Cleopatra’s Needles: The Lost Obelisks of Egypt by Bob Brier - review by Edward Chaney

Edward Chaney

Migrating Monoliths

Cleopatra’s Needles: The Lost Obelisks of Egypt

By

Bloomsbury 238pp £19.99
 

This book’s title suggests an admirable aspiration to present a fascinating subject in both a scholarly and an accessible style. Bob Brier is billed as ‘a world-famous Egyptologist’. His books include The Murder of Tutankhamen and Ancient Egyptian Magic, and he has hosted television programmes on ancient Egypt.

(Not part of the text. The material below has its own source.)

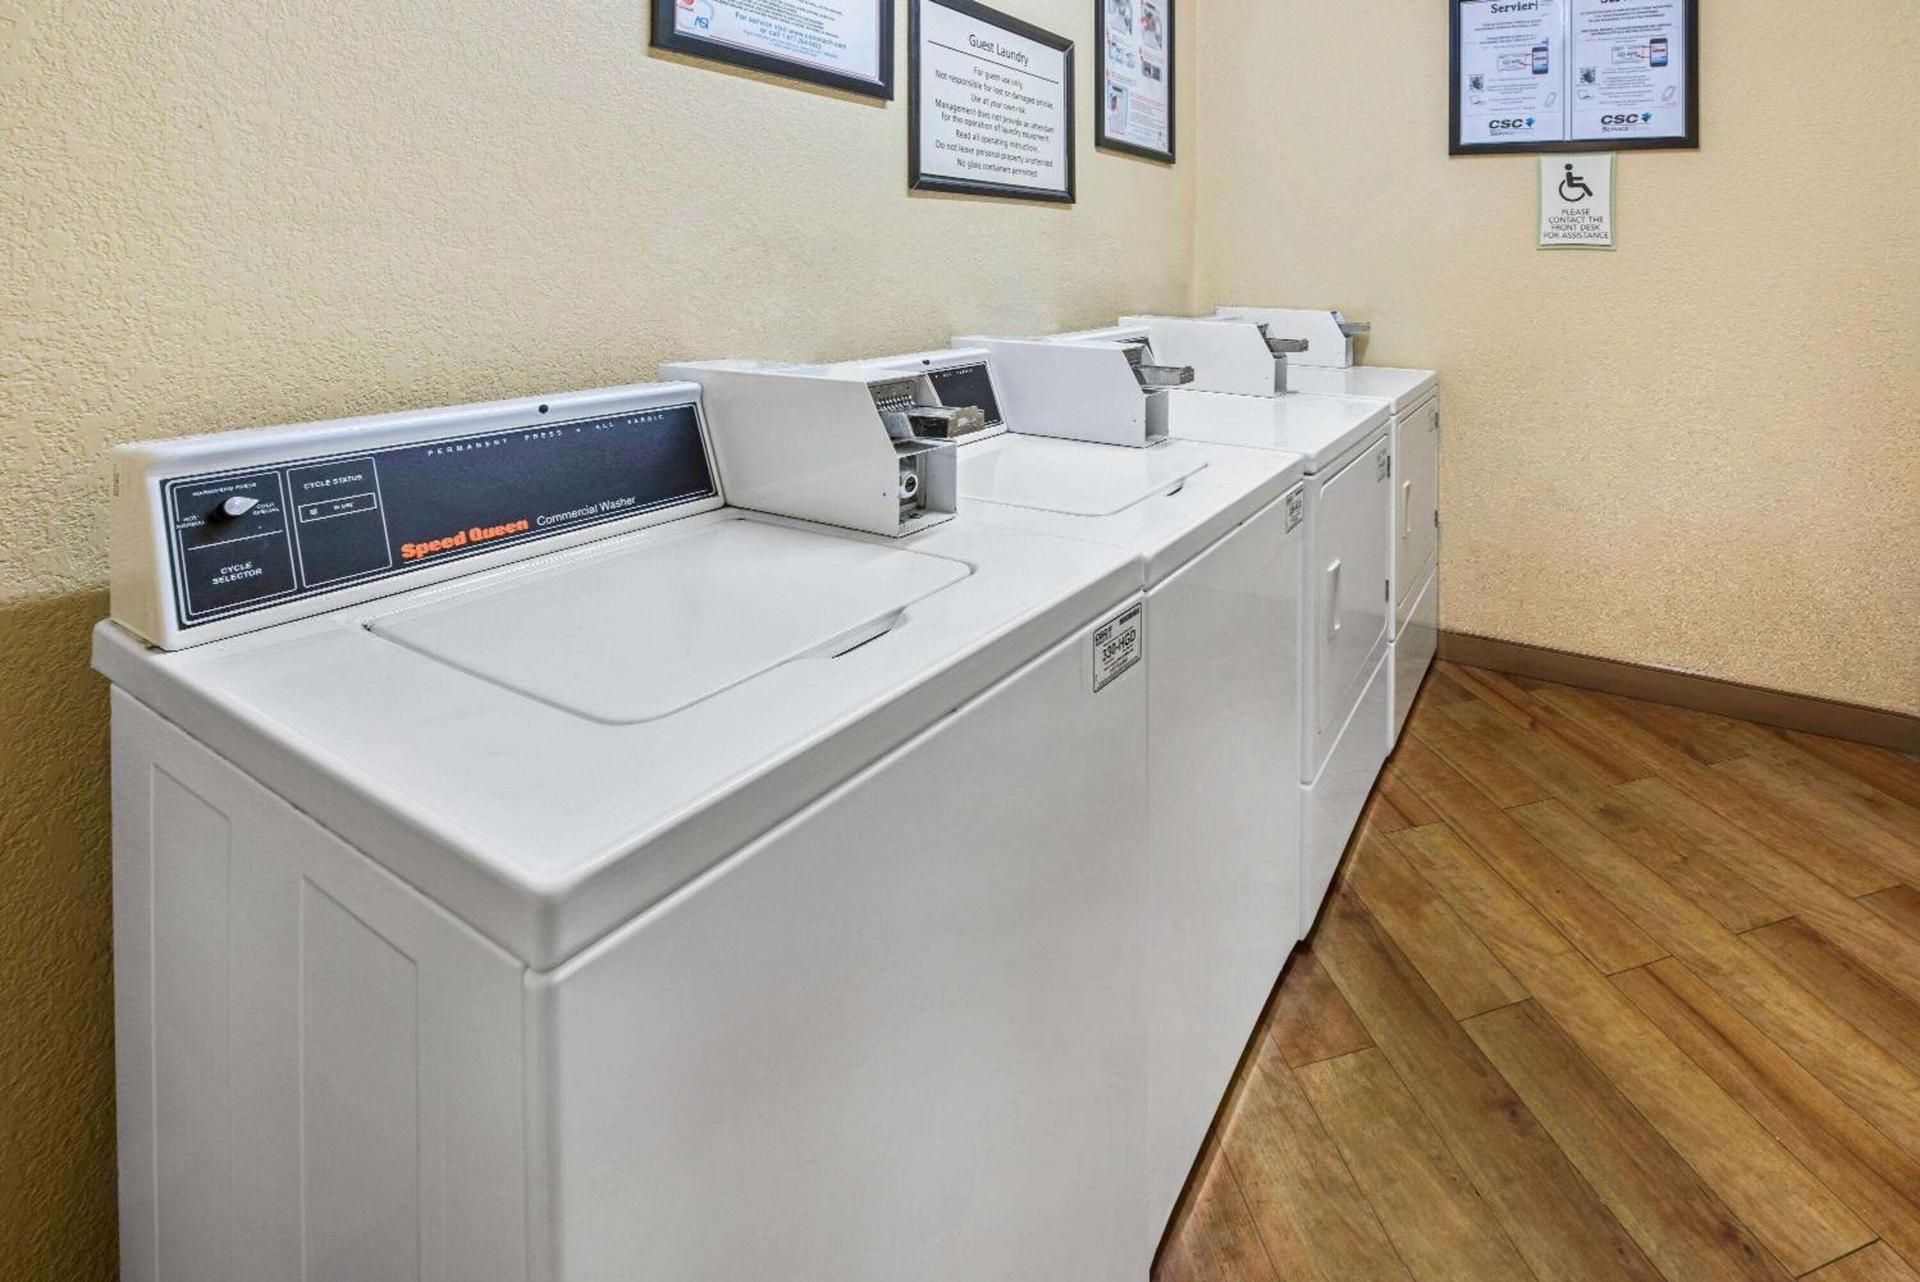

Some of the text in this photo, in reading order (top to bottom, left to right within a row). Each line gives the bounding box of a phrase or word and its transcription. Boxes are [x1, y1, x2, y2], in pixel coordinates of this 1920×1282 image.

Unmentioned in the author’s biography is his Egyptomania: Our Three Thousand Year Obsession with the Land of the Pharaohs, published in 2013. Cleopatra’s Needles reprises and enlarges those chapters of Egyptomania that deal with the removal of Egyptian obelisks to Rome, Paris, London and New York (it adds Constantinople and might also have added Kingston Lacy in Dorset, where in 1840 William Bankes installed the toppled obelisk he had found at the Temple of Isis at Philae). Both Brier’s books are indebted to Erik Iversen’s authoritative two-volume Obelisks in Exile (1968–72), as well as Obelisk: A History, a comprehensive collection of essays published in 2009. He might also have cited Aubrey Noakes’s Cleopatra’s Needles, published prior to these in 1962.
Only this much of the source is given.